EphA3をクラスター化する単量体の非凝集型抗EphA3抗体を対象に投与する段階を含む、固形腫瘍の増殖を阻害する方法。
抗EphA3抗体を対象に投与する段階を含む、腫瘍細胞においてEphA3を発現しない固形腫瘍の増殖を阻害する方法。
エフリンリガンド結合の存在下または非存在下において、抗EphA3抗体がEphA3に結合する、請求項9記載の方法。
抗EphA3抗体がEphA3結合においてmAb IIIA4と競合する、前記請求項のいずれか一項記載の方法。
抗EphA3抗体が組換え抗体またはキメラ抗体である、前記請求項のいずれか一項記載の方法。
抗EphA3抗体がヒト抗体である、前記請求項のいずれか一項記載の方法。
抗EphA3抗体がEphA3を活性化する、前記請求項のいずれか一項記載の方法。
抗EphA3抗体がモノクローナル抗体である、前記請求項のいずれか一項記載の方法。
抗EphA3抗体が、Fab、Fab'、またはFvである抗体断片を含む多価抗体である、前記請求項のいずれか一項記載の方法。
抗EphA3抗体がヒトFc領域を含む、前記請求項のいずれか一項記載の方法。
抗EphA3抗体が活性ヒトγ1またはγ3アイソタイプを含む、請求項17記載の方法。
抗EphA3抗体が、表1によるV_H領域のCDR3およびV_L領域のCDR3を含む、前記請求項のいずれか一項記載の方法。
V_H領域のCDR3およびV_L領域のCDR3がmAb IIIA4に由来する、請求項19記載の方法。

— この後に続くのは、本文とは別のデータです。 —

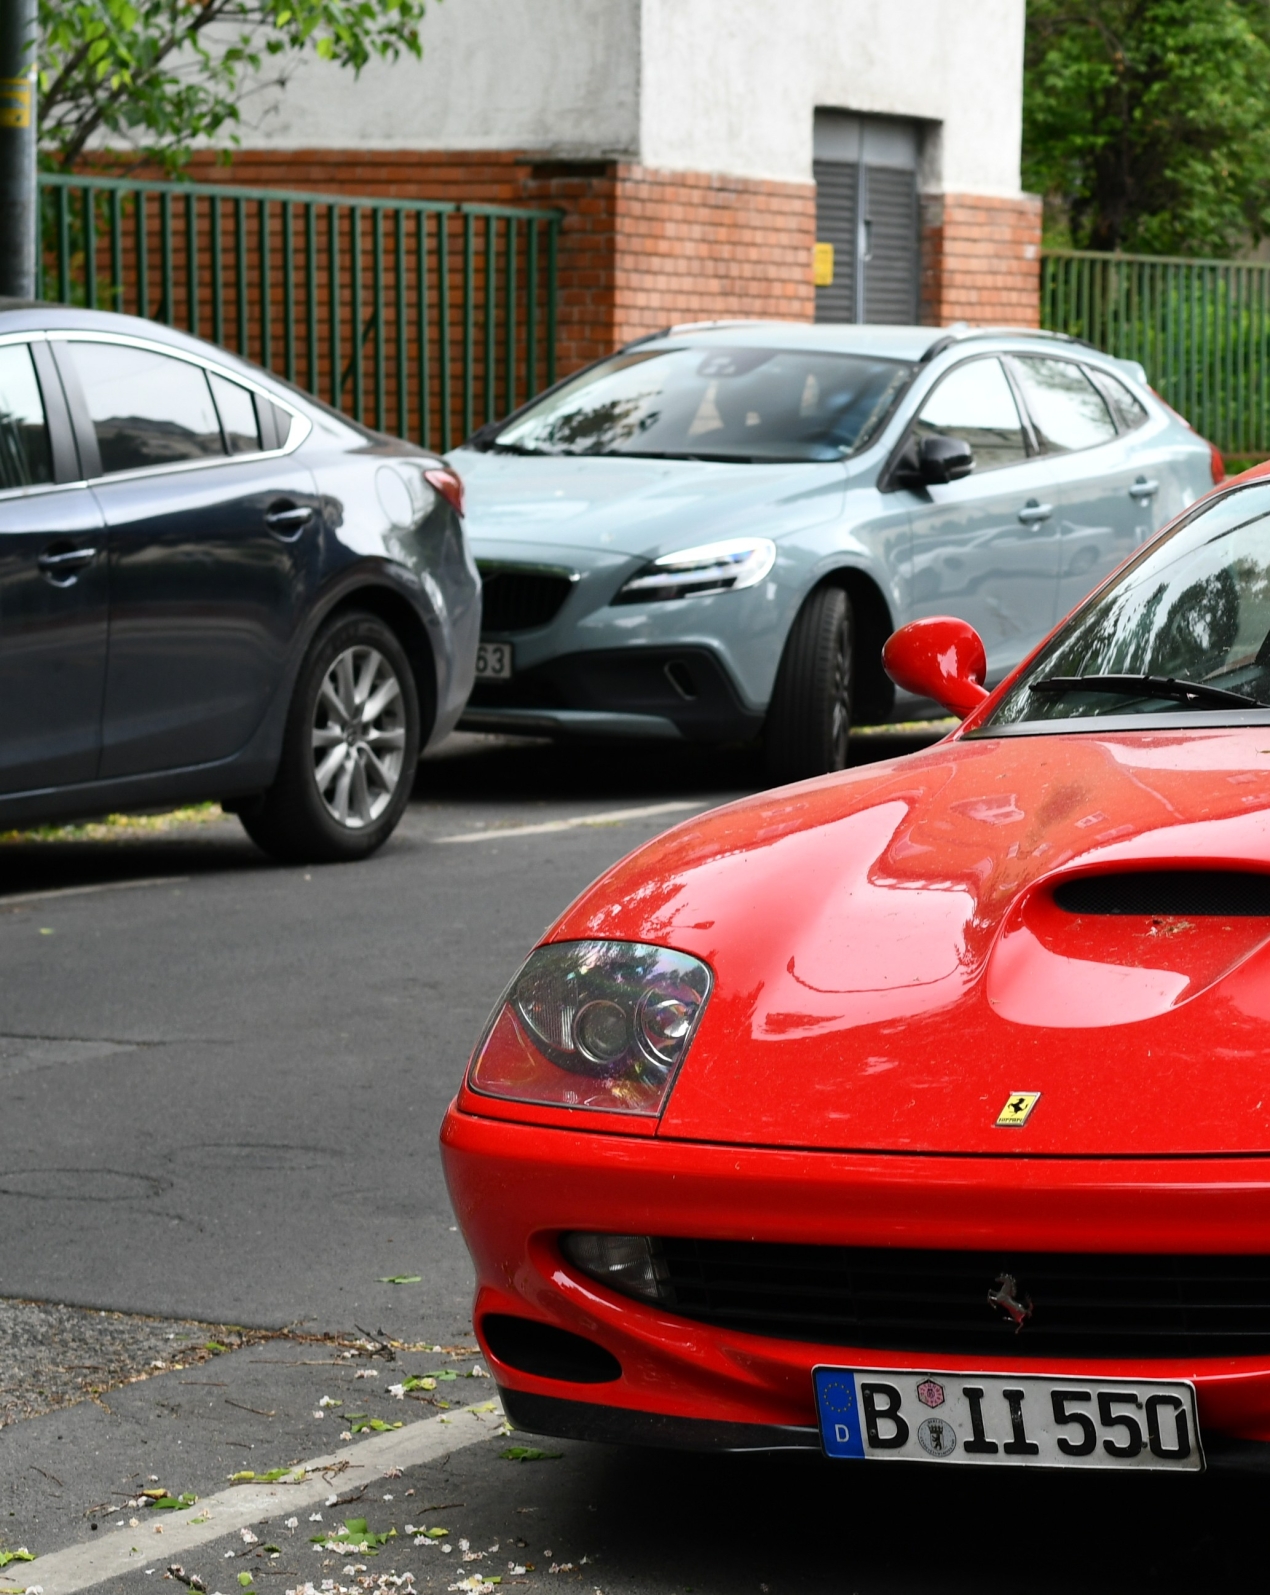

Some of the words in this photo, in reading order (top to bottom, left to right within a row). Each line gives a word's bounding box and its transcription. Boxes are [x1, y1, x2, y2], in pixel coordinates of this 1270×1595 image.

[834, 1423, 850, 1443] D
[860, 1382, 910, 1449] B
[962, 1386, 1040, 1455] II
[1050, 1389, 1192, 1459] 550

抗EphA3抗体が、表1に示すV_H領域のCDR配列から選択されるCDRH1、CDRH2、およびCDRH3；ならびに表1に示すV_L領域のCDR配列から選択されるCDRL1、CDRL2、およびCDRL3を含む、前記請求項のいずれか一項記載の方法。
抗EphA3抗体が、mAb IIIA4のV_H領域およびV_L領域のCDR1、CDR2、およびCDR3を含む、前記請求項のいずれか一項記載の方法。
抗EphA3抗体がmAb IIIA4のV_H領域およびV_L領域を含む、前記請求項のいずれか一項記載の方法。
活性アイソタイプを有する単量体抗EphA3抗体を含む組成物であって、該抗体が血管内皮細胞の表面上に存在するEphA3をクラスター化する組成物。
抗EphA3抗体が、EphA3に対する結合においてmAb IIIA4と競合する、請求項24記載の組成物。
抗EphA3抗体が組換え抗体またはキメラ抗体である、請求項24または25記載の組成物。
抗EphA3抗体がEphA3を活性化する、請求項24〜26のいずれか一項記載の組成物。
抗EphA3抗体が活性ヒト重鎖定常γ1またはγ3アイソタイプを含む、請求項24〜27のいずれか一項記載の組成物。
抗EphA3抗体がヒト抗体である、請求項24〜28のいずれか一項記載の組成物。
抗EphA3抗体がモノクローナル抗体である、請求項24〜29のいずれか一項記載の組成物。
抗EphA3抗体が、表1によるV_H領域のCDR3およびV_L領域のCDR3を含む、請求項24〜30のいずれか一項記載の組成物。
抗EphA3抗体が、表1に示すV_H領域のCDR配列から選択されるCDRH1、CDRH2、およびCDRH3；ならびに表1に示すV_L領域のCDR配列から選択されるCDRL1、CDRL2、およびCDRL3を含む、請求項24〜31のいずれか一項記載の組成物。
V_H領域のCDR3およびV_L領域のCDR3がmAbIIIA4に由来する、請求項24〜32のいずれか一項記載の組成物。
抗EphA3抗体が、mAb IIIA4のV_H領域およびV_L領域のCDR1、CDR2、およびCDR3を含む、請求項33記載の組成物
抗EphA3抗体がmAb IIIA4のV_H領域およびV_L領域を含む、請求項24〜34のいずれか一項記載の組成物。
チューブリン集合を阻害する薬剤をさらに含む、請求項24〜35のいずれか一項記載の組成物。
血管内皮細胞の表面上に存在するEphA3をクラスター化する多価抗EphA3抗体を含む組成物。
抗EphA3抗体が、EphA3に対する結合においてmAb IIIA4と競合する、請求項37記載の組成物。
抗EphA3抗体がEphA3を活性化する、請求項37または38記載の組成物。